Without a live audience, and with the two leaders seated at a desk either side of host Mike Hosking, the second TVNZ debate was more subdued than those earlier in the campaign.
But against the backdrop of the latest 1 News Colmar Brunton poll - which put National on 46 percent, nine points ahead of Labour - it was a chance for both Mr English and Ms Ardern to recap some of their key commitments.
Both leaders agreed the election would be close and the volatile polling pointed to there being a lot of undecided voters who would be making up their minds in the final days of the campaign.
While Labour has faced plenty of scrutiny in the media over its tax plans, Ms Ardern said people she had met were more concerned about health and mental health, and she accused Mr English and National of stoking up a debate on tax.
She said it was "mischievious and wrong" of National to claim that Labour would put up income tax - something she had specifically ruled out.
Mr English argued that because Labour planned to roll back tax changes that had already been passed into law and come into effect on April 1 next year, people would be left out of pocket and were therefore facing a tax increase.
Mr English also stood by National's finance spokesperson Steven Joyce's inaccurate claims that there was an $11.7 billion hole in Labour's budget.
"Everyone agrees there is a hole," Mr English said.
But Ms Ardern hit back.
"It was a complete fabrication, no one has agreed with you, but what it did do was it confused voters, it was politics as usual, all they heard was someone making up numbers."
Water was another issue where the two leaders were divided.
Ms Ardern was asked whether rural New Zealand had got offside with her.
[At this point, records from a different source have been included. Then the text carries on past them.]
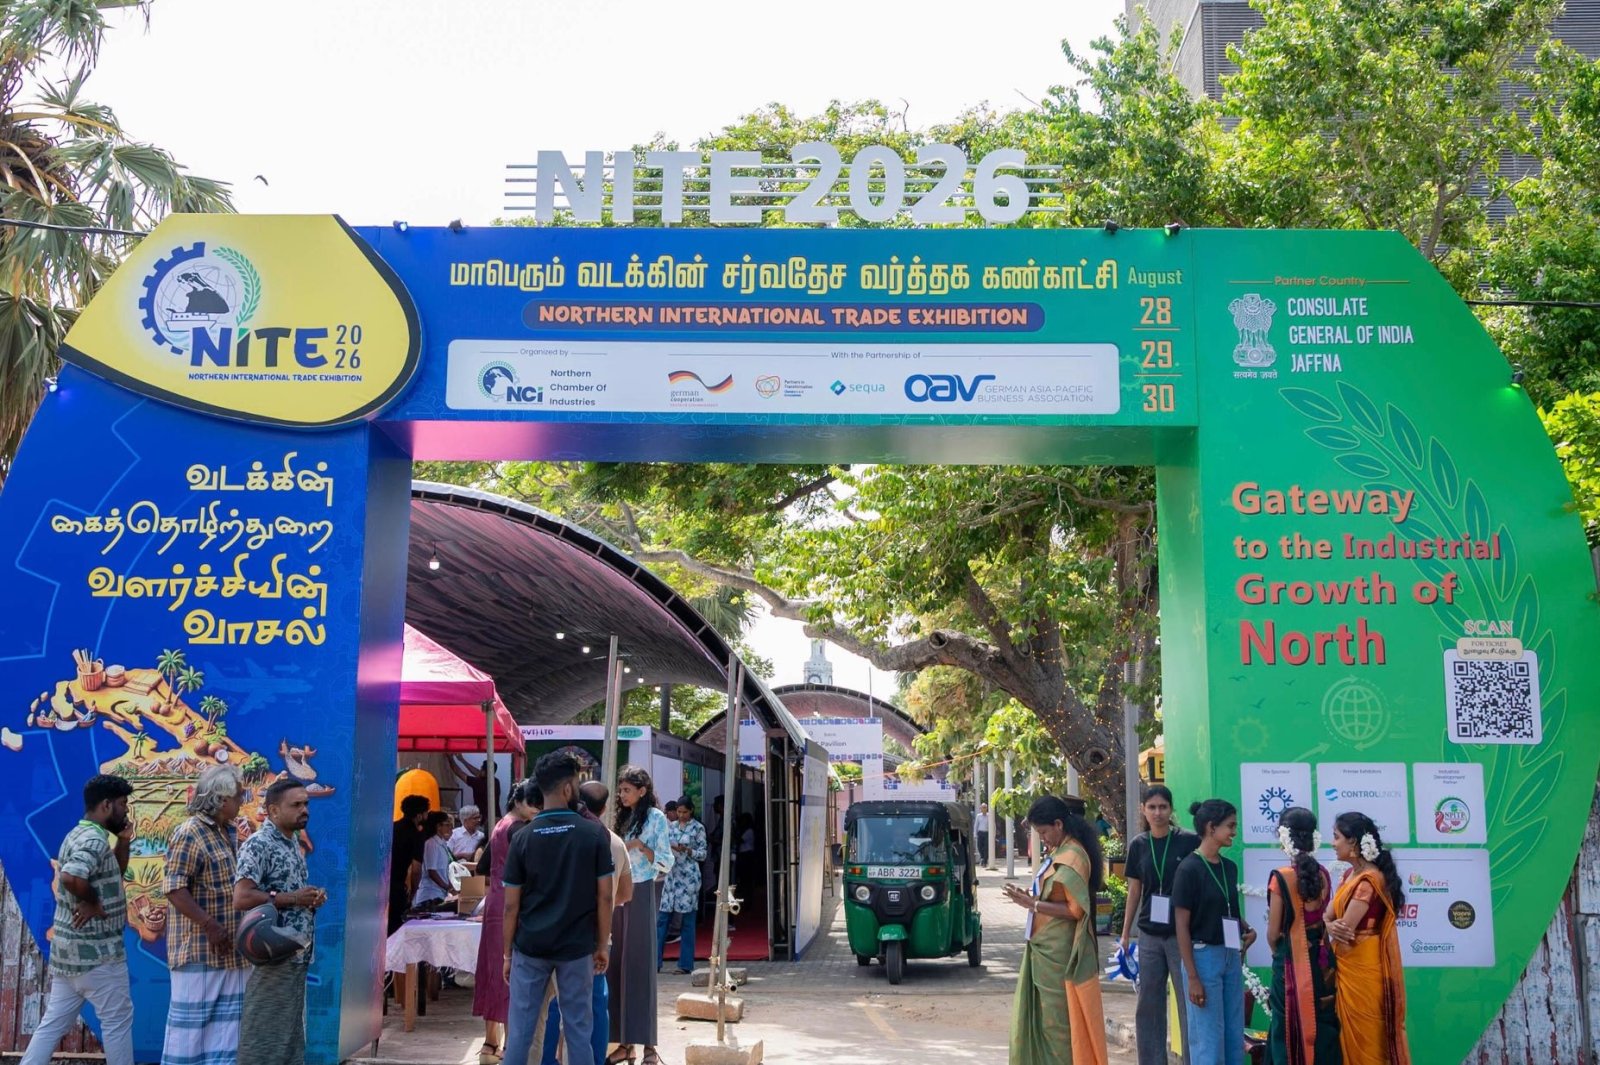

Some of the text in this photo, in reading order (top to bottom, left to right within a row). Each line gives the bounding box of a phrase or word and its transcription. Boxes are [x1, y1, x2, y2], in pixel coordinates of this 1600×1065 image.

[535, 141, 1031, 225] NITE 2026
[450, 253, 1118, 295] மாபெரும் வடக்கின் சர்வதேச வர்த்தக கண்காட்சி
[1128, 267, 1182, 288] August
[1274, 276, 1366, 287] Partner Country
[539, 305, 1028, 327] NORTHERN INTERNATIONAL TRADE EXHIBITION
[1140, 297, 1171, 324] 28
[1288, 298, 1368, 316] CONSULATE
[336, 324, 362, 345] 20
[1289, 326, 1414, 344] GENERAL OF INDIA
[335, 349, 361, 369] 26
[519, 348, 569, 358] Organized by
[831, 351, 921, 361] With the Partnership of
[1141, 341, 1173, 368] 29
[1291, 354, 1342, 372] JAFFNA
[188, 373, 230, 381] NORTHERN
[231, 373, 290, 381] INTERNATIONAL
[319, 374, 362, 382] EXHIBITION
[550, 369, 592, 378] Northern
[549, 383, 607, 392] Chamber Of
[670, 389, 700, 399] german
[849, 384, 886, 394] sequa
[985, 385, 1093, 393] GERMAN ASIA-PACIFIC
[549, 398, 596, 406] Industries
[977, 394, 1094, 403] BUSINESS ASSOCIATION
[1143, 384, 1175, 412] 30
[185, 451, 334, 507] வடக்கின்
[1232, 482, 1415, 523] Gateway
[51, 500, 334, 556] கைத்தொழிற்துறை
[1233, 533, 1501, 560] to the Industrial
[88, 553, 328, 617] வளர்ச்சியின்
[1235, 572, 1459, 604] Growth of
[183, 606, 327, 646] வாசல்
[1464, 619, 1514, 636] SCAN
[1239, 617, 1387, 666] North
[878, 868, 895, 877] ABR
[898, 868, 920, 877] 3221
She said she believed there was unity on the issue of cleaning up waterways, and Labour would work with those affected.
The money generated by Labour's proposed water tax would go back into farming communities to help them with pollution mitigation.
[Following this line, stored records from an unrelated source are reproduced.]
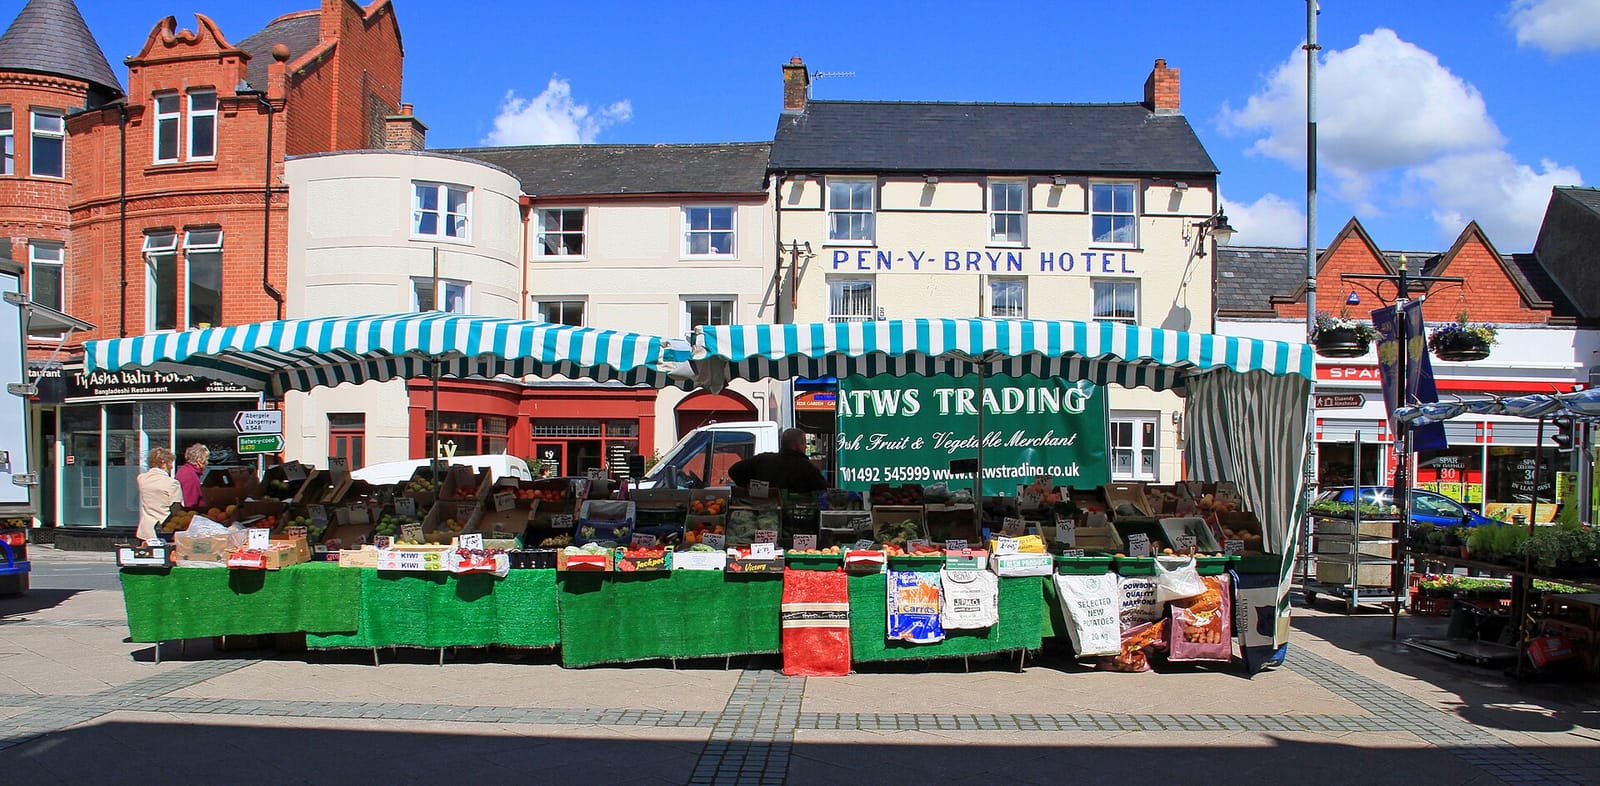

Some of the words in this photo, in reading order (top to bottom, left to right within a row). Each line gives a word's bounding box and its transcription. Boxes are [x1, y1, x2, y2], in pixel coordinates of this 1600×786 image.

[832, 250, 1023, 273] PEN-Y-BRYN
[1040, 251, 1135, 273] HOTEL
[94, 387, 130, 396] Bangladeshi
[131, 386, 168, 394] Restaurant
[933, 386, 1086, 415] TRADING
[865, 433, 911, 451] Fruit
[911, 437, 925, 451] &
[931, 431, 1002, 455] Vegetable
[1003, 429, 1078, 448] Merchant
[1439, 456, 1459, 464] SPAR
[884, 466, 930, 482] 545999
[1440, 468, 1456, 479] 30
[636, 557, 665, 570] Jackpot
[1077, 597, 1111, 609] SELECTED
[1087, 608, 1104, 617] NEW
[1083, 616, 1114, 627] POTATOES
She said her target was water bottlers, and the vast majority of farmers wouldn't be impacted by Labour's plans.
Mr English said the National government has done a lot of work over the last six years to improve water quality, including working with the Land and Water Forum and iwi.
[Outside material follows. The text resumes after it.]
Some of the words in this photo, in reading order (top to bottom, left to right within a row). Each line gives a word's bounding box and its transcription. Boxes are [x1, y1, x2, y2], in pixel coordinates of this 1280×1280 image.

He said water quality was worse in urban areas than rural areas, so National had to work with those people as well.
Mr English said Labour and the Greens had "popped on a populist bandwagon" and called the water tax a "random tax, targeted at a handful of people".
Meanwhile, on the issue of potential coalition partners, Ms Ardern wouldn't say whether she would jettison the Greens for a clean deal with New Zealand First.
She maintained that her first phonecall would be to the Greens, but that didn't mean it was a "stitched up and done deal".
Mr English said his focus was on getting National's support high enough so it could maintain a majority and form a strong, stable government.
"I don't like this view that Mr Peters has that he decides who the government is New Zealand is ... voters have it within their capacity that they can decide."
But Mr English said he knew Mr Peters well and that he had worked with him before.
He admitted it could be pretty challenging, but said if that was National's obligation to form strong government, then National would get on and meet its obligations to voters.
The fuel crisis also made it into the debate, with Ms Ardern committing to either building a second pipeline or extra storage.
Mr English said he would make sure solutions were found, with airlines leading the way in doing that.